Although Myanmar’s democracy was clearly a work in progress, that progress has now come to a jarring halt with the February 1 military coup. The country’s neighbors are treading warily in its aftermath, and there may be some curious reversals of earlier stances.

NEW DELHI – Until recently, the last time Myanmar’s military supervised a general election whose outcome it didn’t like was back in 1990. On that occasion, a military junta refused to recognize the results, arrested the democratically elected leaders of Aung San Suu Kyi’s overwhelmingly victorious National League for Democracy (NLD), and continued to rule the country via the State Law and Order Restoration Council (SLORC).

The same thing happened again on February 1, when Suu Kyi, now the country’s de facto leader, and other politicians, including NLD ministers, were arrested in a pre-dawn swoop. The military took charge, declared a one-year state of emergency, and promptly transferred power to the army’s commander-in-chief, General Min Aung Hlaing. Vice President Myint Swe, a former general, was named president, but yielded power to Hlaing.

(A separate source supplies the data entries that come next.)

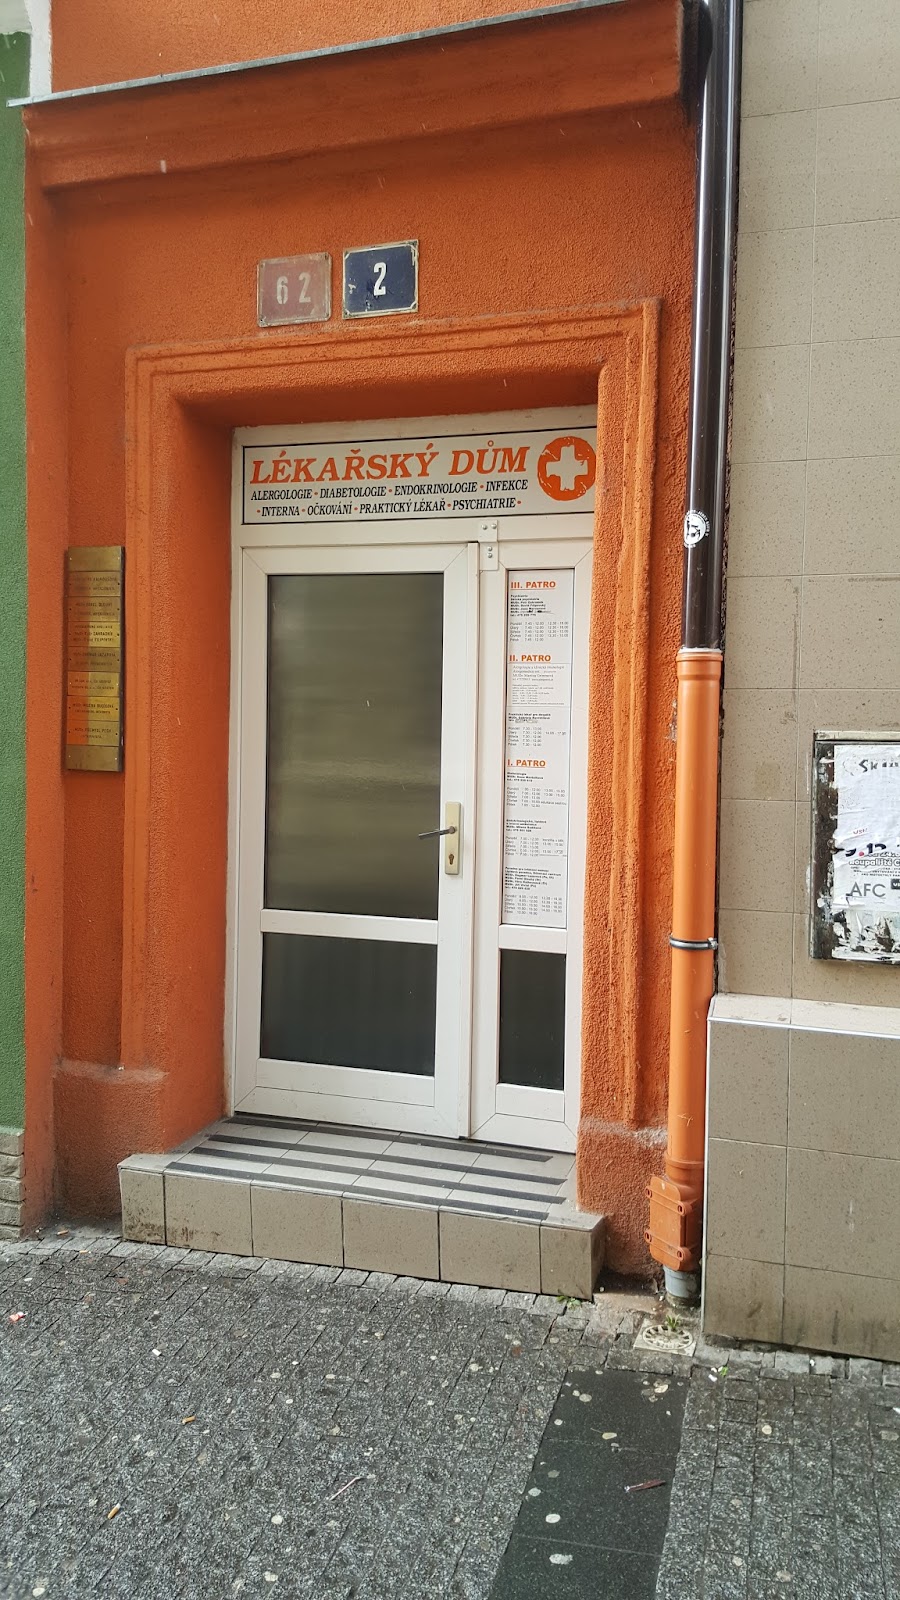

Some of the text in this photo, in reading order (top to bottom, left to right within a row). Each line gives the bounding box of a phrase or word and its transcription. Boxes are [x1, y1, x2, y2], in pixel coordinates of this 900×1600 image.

[276, 271, 312, 305] 62
[373, 261, 387, 297] 2
[249, 439, 531, 485] LÉKAŘSKÝ DŮM
[250, 479, 529, 501] ALERGOLOGIE DIABETOLOGIE ENDOKRINOLOGIE INFEKCE
[261, 497, 516, 517] INTERNA OČKOVÁNÍ PRAKTICKÝ LÉKAŘ PSYCHIATRIE
[510, 581, 556, 589] III. PATRO
[509, 654, 552, 662] II. PATRO
[507, 759, 546, 767] I. PATRO
[850, 881, 886, 898] AFC

Once again, Myanmar’s men in uniform, who ruled the country from 1962 to 2011 and had co-existed with civilian leaders in a slowly unfolding political transition over the last decade, have made clear their distaste for democracy. Last November’s general election resulted in another landslide victory for Suu Kyi’s NLD, which won 396 of 476 contested parliamentary seats and limited the army’s proxy political front, the Union Solidarity and Development Party, to just 33.